The second presentation in the symposium focuses on metaphors embedded in the stories of older adults living with HIV, and how metaphors help illuminate often hidden meaning. The success of antiretroviral treatment has enabled persons with HIV to survive to age 50 and beyond. By 2015 approximately half of adults with HIV in the USA will be 50 and older. While HIV may be more manageable with medications, to age with HIV is not without challenges and the implications of this extended life expectancy are only beginning to be fully understood. For this reason, the graying of HIV is considered a new crisis. Metaphors have a powerful influence on how an individual tells of and lives their illness. They have the ability to shape, constrain, expose, liberate, or illuminate how one actually experiences the disease itself and their own person. Narrative inquiry was used to examine metaphors within the stories of five older adults living with HIV for at least 10 years. This presentation will offer a balance between description and interpretation, and highlight a Abstract, Symposium 576 shift in metaphors of aging within this population over the past three decades. Often it is the case that health care providers do not listen for, hear, or understand metaphors as a means to support wellness, yet an increased understanding of the role of metaphors used by adults aging with HIV can generate insights inspire and improve care.

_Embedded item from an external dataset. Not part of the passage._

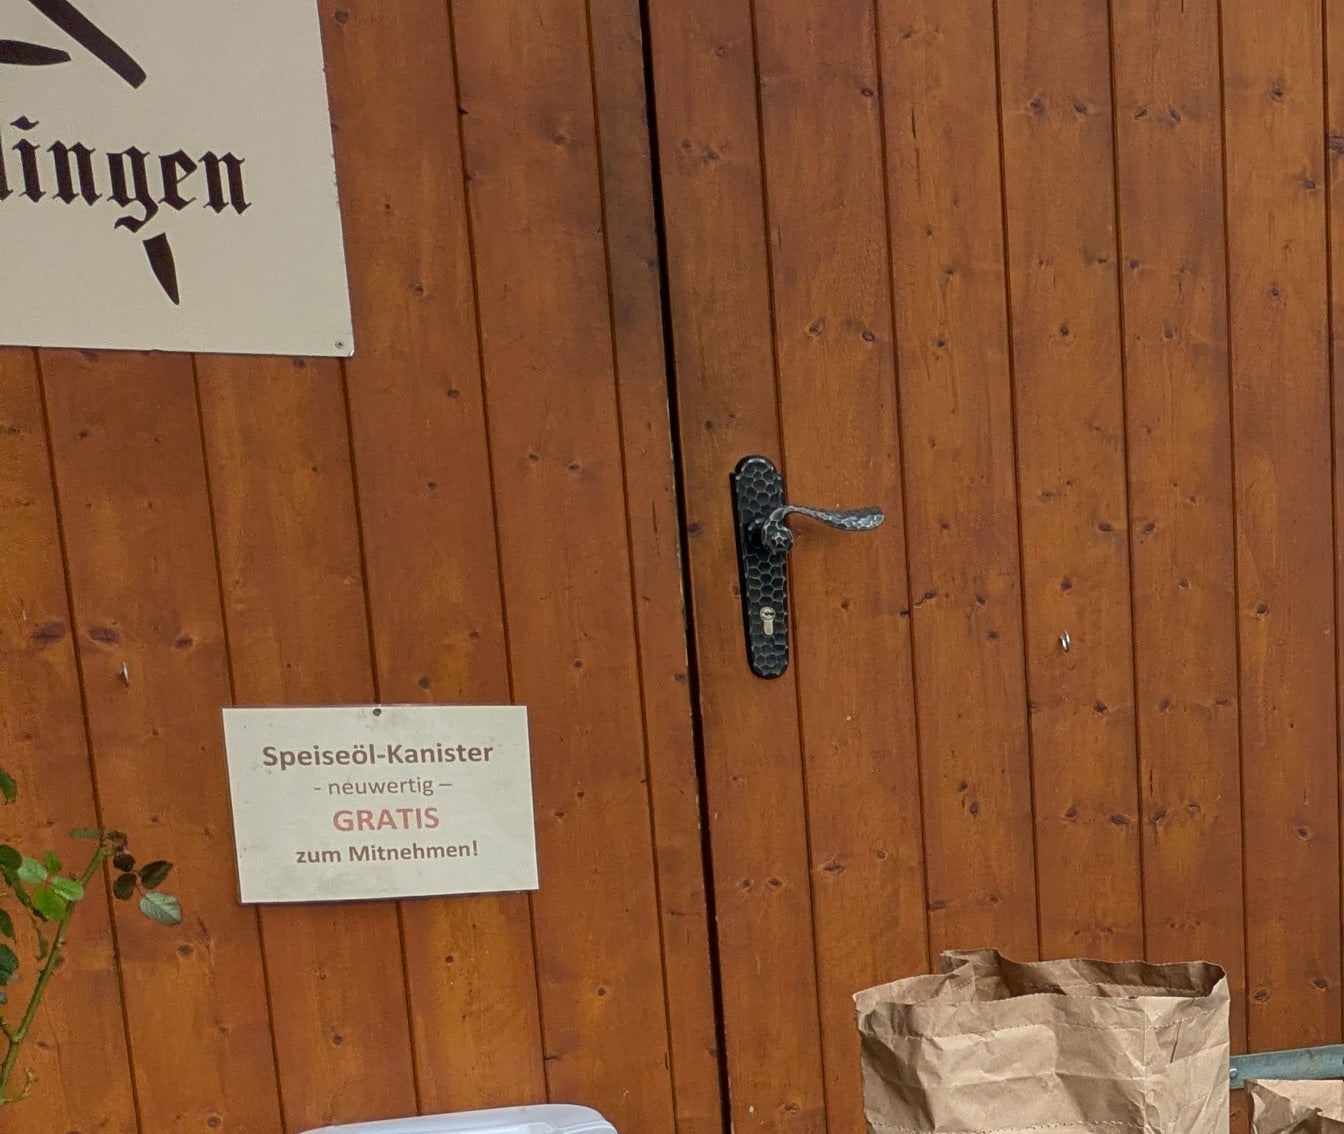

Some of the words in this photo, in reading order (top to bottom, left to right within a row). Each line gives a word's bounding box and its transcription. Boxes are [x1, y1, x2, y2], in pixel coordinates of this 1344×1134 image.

Presentaion #3: Knowledge Translation in Action: The Space Between Analysis and Dissemination

Laurene Sheilds, Anne Bruce and  Rosanne Beuthin

The final presentation in the symposium will explore the tensions between qualitative analysis and knowledge dissemination through examining a range of knowledge translation (KT) resources. Data analysis and dissemination of findings are often described as distinct or sequential processes, however, our narrative research team has used the knowledge translation process to further our analytic skills and to explore how knowledge translation also illuminates the stories we tell. Based on narrative interviews with 32 participants conducted over a three-year period, including representational symbols of illness, findings from the project will presented through sharing a range of KT strategies. These innovative resources include web-based approaches (vignettes with participant voice overs), community brochures using aesthetically pleasing images and narrative quotations, and symbolic images with poetic renderings. The contribution of creative and innovative arts and web-based strategies will be discussed in relation to the analytic process of narrative research. While evaluation research on the impact of these arts-based strategies is needed, these strategies have benefits in guiding and focusing the process of analysis itself as well as in offering accessible and evocative platforms for nursing research.